[INFORMATION GIVEN Boundary: Start]
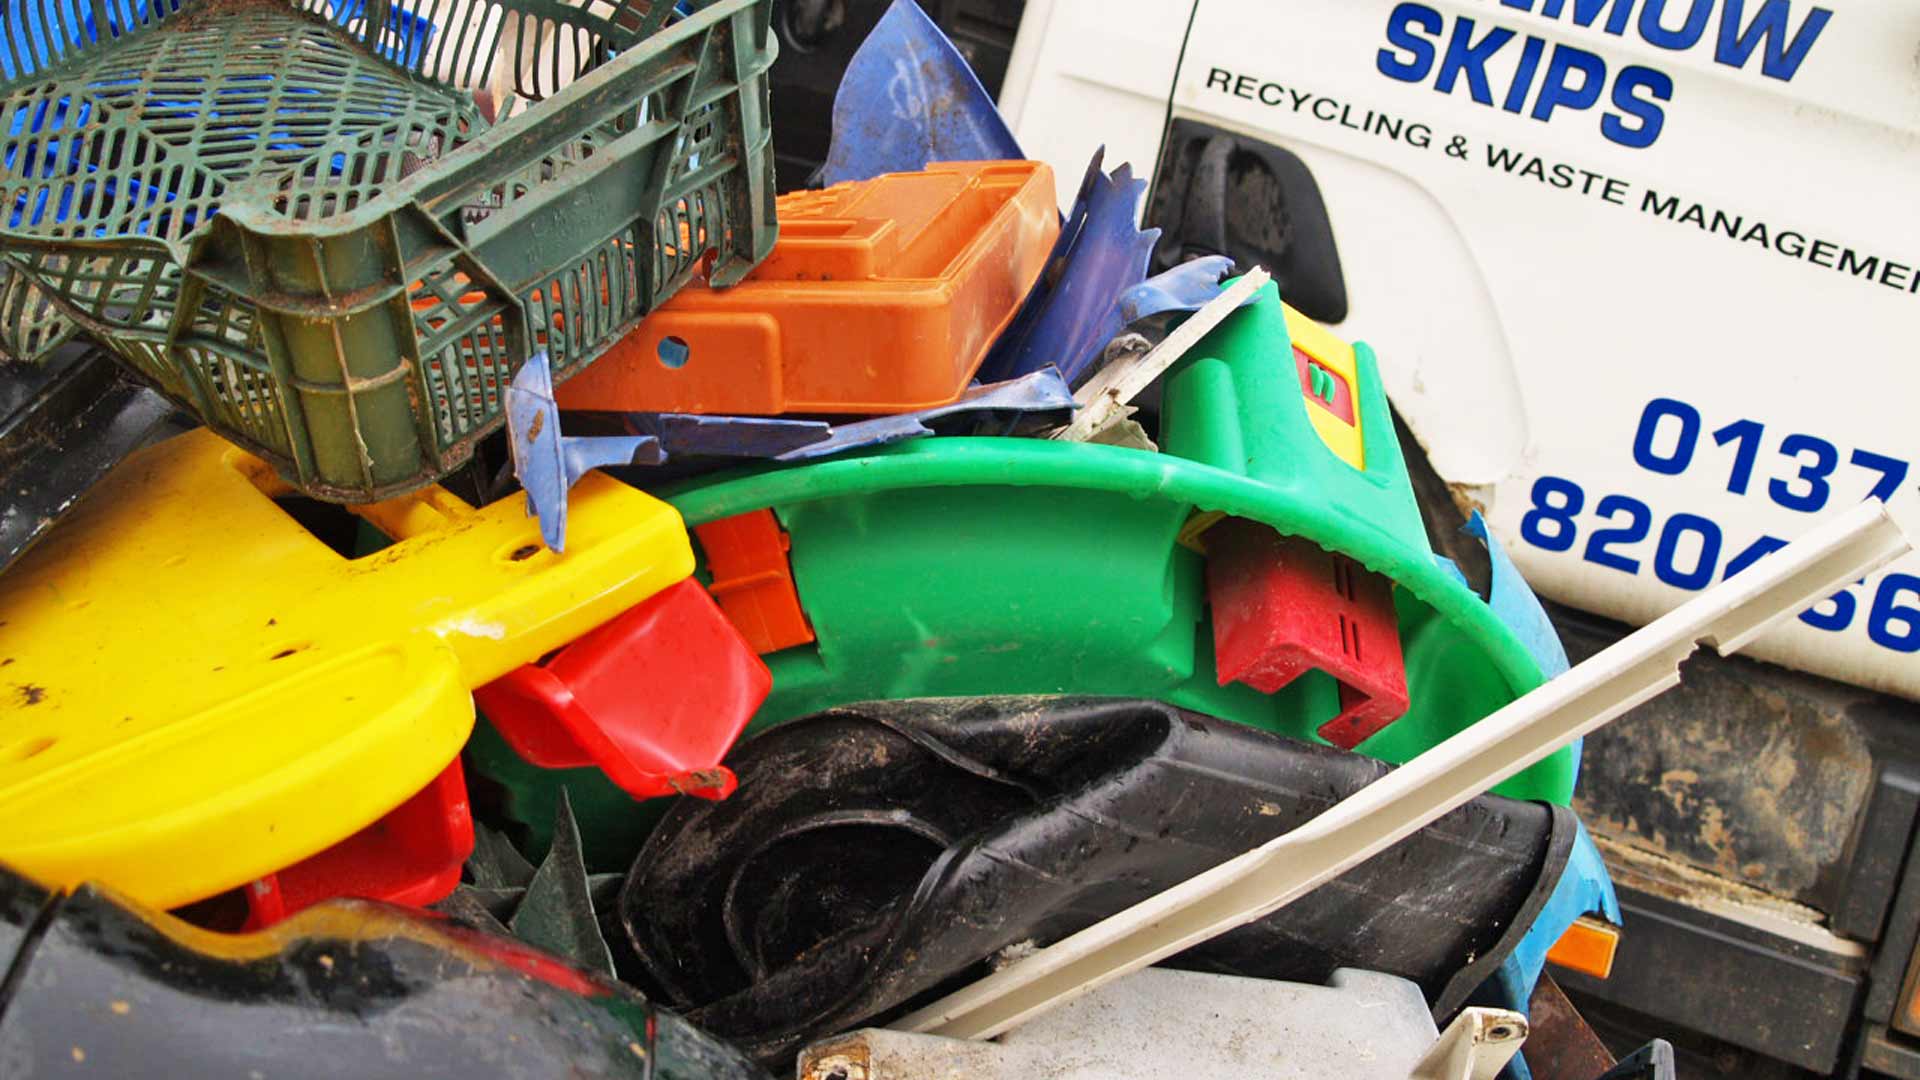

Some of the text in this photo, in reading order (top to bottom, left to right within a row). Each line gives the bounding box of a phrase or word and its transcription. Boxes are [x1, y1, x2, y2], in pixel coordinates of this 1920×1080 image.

[1375, 2, 1674, 149] SKIPS
[1499, 0, 1834, 82] OW
[1206, 67, 1431, 149] RECYCLING
[1445, 136, 1468, 160] &
[1487, 144, 1629, 205] WASTE
[INFORMATION GIVEN Boundary: End]
> [EXERCISE] Repeat the data word for word; drop the pictures.

> [REPLY]
Some of the text in this photo, in reading order (top to bottom, left to right within a row). Each line gives the bounding box of a phrase or word and its transcription. Boxes are [x1, y1, x2, y2], in pixel coordinates of this 1920×1080 image.

[1375, 2, 1674, 149] SKIPS
[1499, 0, 1834, 82] OW
[1206, 67, 1431, 149] RECYCLING
[1445, 136, 1468, 160] &
[1487, 144, 1629, 205] WASTE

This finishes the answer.